Setting up Red Hat Enterprise Linux

Follow these steps to set up your IBM POWER8 or POWER9 system with Red Hat Enterprise Linux

Upgrade to 7.6

Red Hat Enterprise Linux 7.5 is no longer supported. If you have RHEL 7.5 installed, upgrade to 7.6:

subscription-manager release --unset
yum clean all
yum update -y
reboot

Red Hat Enterprise Linux operating system and repository setup

  1. Enable common, optional, and extra repo channels.
    IBM® POWER8:
    sudo subscription-manager repos --enable=rhel-7-for-power-le-optional-rpms
    sudo subscription-manager repos --enable=rhel-7-for-power-le-extras-rpms
    sudo subscription-manager repos --enable=rhel-7-for-power-le-rpms
    IBM POWER9:
    sudo subscription-manager repos --enable=rhel-7-for-power-9-optional-rpms
    sudo subscription-manager repos --enable=rhel-7-for-power-9-extras-rpms
    sudo subscription-manager repos --enable=rhel-7-for-power-9-rpms
  2. Install packages needed for the installation.
    sudo yum -y install wget nano bzip2
  3. Enable Fedora Project EPEL (Extra Packages for Enterprise Linux repo:
    wget https://dl.fedoraproject.org/pub/epel/epel-release-latest-7.noarch.rpm
    sudo rpm -ihv epel-release-latest-7.noarch.rpm
  4. Load the latest kernel or do a full update:
    • Load the latest kernel:
      sudo yum update kernel kernel-devel kernel-tools kernel-tools-libs kernel-bootwrapper
      reboot
    • Do a full update:
      sudo yum update
      sudo reboot

System firmware

If you are running on an AC922 system, you need to update the firmware. Ensure that the system firmware is updated to at least the following levels before you install the current NVIDIA GPU driver.
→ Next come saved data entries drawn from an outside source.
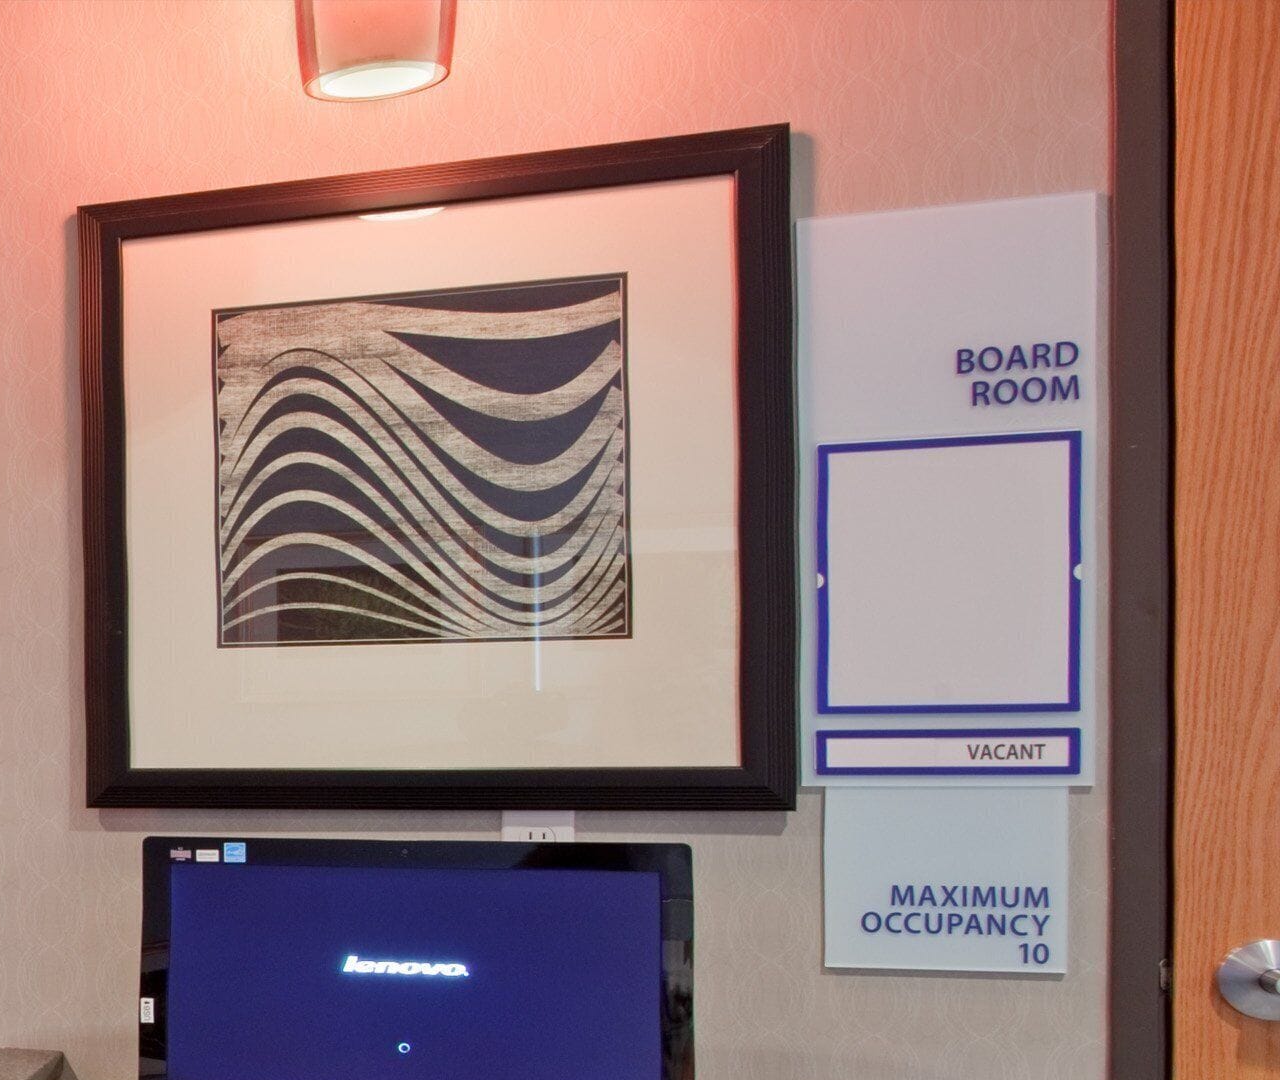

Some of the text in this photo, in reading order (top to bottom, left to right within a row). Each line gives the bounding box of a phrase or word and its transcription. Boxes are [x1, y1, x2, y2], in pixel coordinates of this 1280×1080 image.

[956, 341, 1079, 374] BOARD
[971, 374, 1080, 406] ROOM
[966, 744, 1046, 760] VACANT
[890, 885, 1049, 908] MAXIMUM
[860, 911, 1050, 936] OCCUPANCY
[1018, 943, 1050, 964] 10
The firmware series and fix levels that are required for AC922 for the current NVIDIA GPU driver are:

  • 8335-GTG: OP910.30 or higher
  • 8335-GTH: OP920.10 or higher

System firmware updates are available at Fix Central. To find your updates in Fix Central, follow these steps:

  1. Enter 8335-GTG or 8335-GTH as the Product Selector.
  2. Select the appropriate firmware series from the drop-down list.
  3. Click Continue to go to the Select fixes page.
  4. Select the appropriate fix level.
  5. Click Continue to go to the Download options page.

IBM POWER9™ specific udev rules

Before you install the NVIDIA components, the udev Memory Auto-Onlining Rule must be disabled for the CUDA driver to function properly.
Note: If you upgraded from a previous release, repeat this step with RHEL 7.6.

To disable it, follow these steps:

  1. Copy the /lib/udev/rules.d/40-redhat.rules file to the directory for user overridden rules.
    sudo cp /lib/udev/rules.d/40-redhat.rules /etc/udev/rules.d/
  2. Edit the /etc/udev/rules.d/40-redhat.rules file.
    sudo nano /etc/udev/rules.d/40-redhat.rules
  3. Comment out the entire "Memory hotadd request" section and save the change:
    # Memory hotadd request
    #SUBSYSTEM!="memory", ACTION!="add", GOTO="memory_hotplug_end"
    #PROGRAM="/bin/uname -p", RESULT=="s390*", GOTO="memory_hotplug_end"
    
    #ENV{.state}="online"
    #PROGRAM="/bin/systemd-detect-virt", RESULT=="none", ENV{.state}="online_movable"
    #ATTR{state}=="offline", ATTR{state}="$env{.state}"
    
    #LABEL="memory_hotplug_end"
  4. Optionally, delete the first line of the file, since the file was copied to a directory where it cannot be overwritten.
    # do not edit this file, it will be overwritten on update
  5. Restart the system for the changes to take effect.
    sudo reboot

Remove previously installed CUDA and NVIDIA drivers

The CUDA Toolkit, cuDNN and NCCL are provided as Conda packages and no longer require separate installations. The GPU driver must still be installed separately.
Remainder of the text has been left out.